Authors

Discussion

D-arabinopyranose (D-Arap) is found, uniquely, in cell surface glycoconjugate structures of certain trypanosomatid parasites: Leishmania major lipophosphoglycan, Crithidia fasciculata lipoarabinogalactan and Endotrypanum schaudinni glycoinositol phospholipids. The activated donor molecule of D-Arap has been identified in L. major as GDP-α-D-Arap. So far it is known that both L. major and C. fasciculata have a salvage pathway allowing the parasites to internalize D-Ara from the extracellular medium or the lumen of the insect guts and convert it to GDP-α-D-Arap via an arabinose-1-kinase/pyrophosphorylase. A de novo pathway, whereby D-Glucose is converted to D-Arap via loss of the Glc C-1 carbon atom has been postulated but many details are missing. Many gram-negative bacteria have an Arabinose-5-phosphate isomerase enzyme.
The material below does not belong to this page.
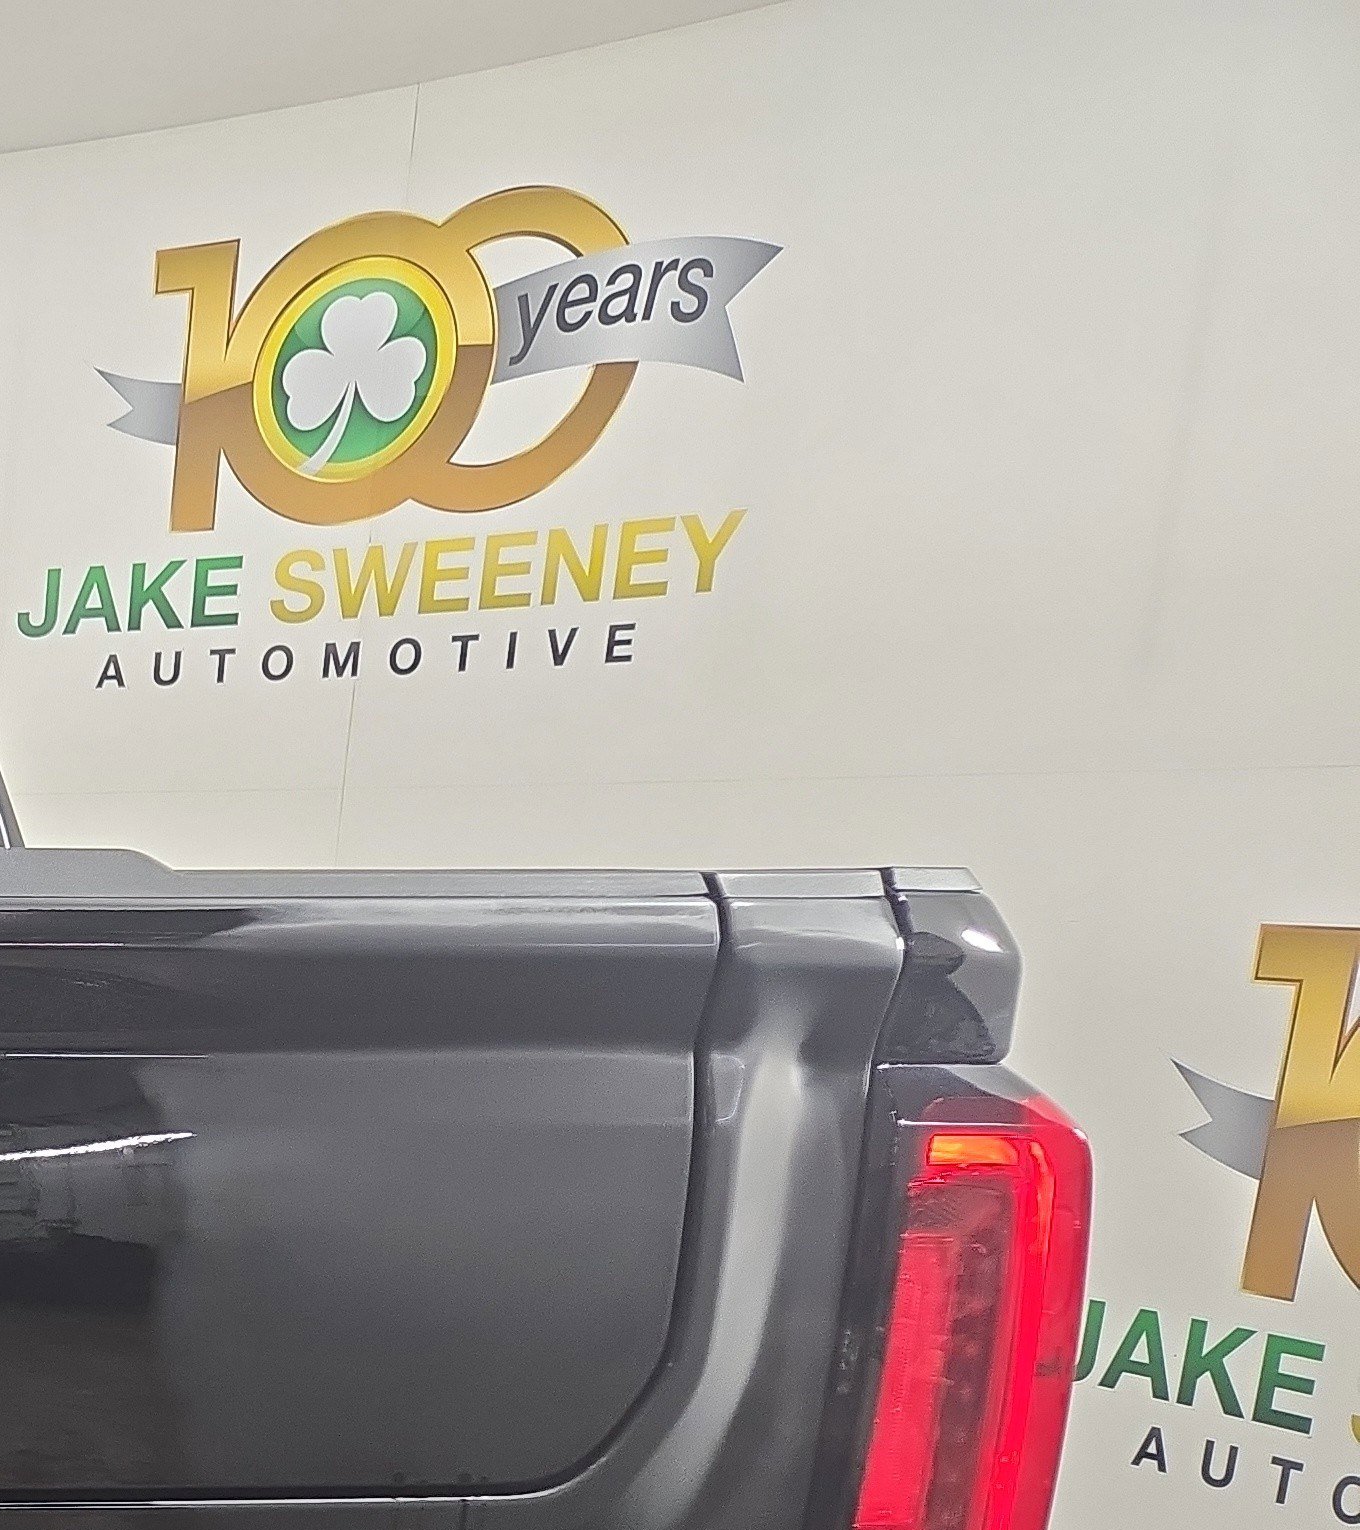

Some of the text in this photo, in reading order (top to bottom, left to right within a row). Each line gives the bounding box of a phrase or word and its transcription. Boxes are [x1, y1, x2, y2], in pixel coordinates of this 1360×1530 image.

[508, 254, 715, 366] years
[16, 509, 748, 640] JAKE SWEENEY
[95, 622, 638, 689] AUTOMOTIVE
[1130, 1425, 1360, 1525] AUTO
In bacteria API enzymes catalyse the interconversion of D-ribulose-5-phosphate, the product of the oxidative phase of the pentose phosphate pathway, and D-arabinose-5-phosphate. We speculate that trypanosomatids may also convert D-Glc to D-Arap via Ru5P and its isomerisation to A5P followed by dephosphorylation to D-Arap. Apart from cell surface incorporation it is possible that D-Arap may be used by all the kinetoplastids to make D-erythroascorbate, similar in structure and physicochemical properties to Vitamin C.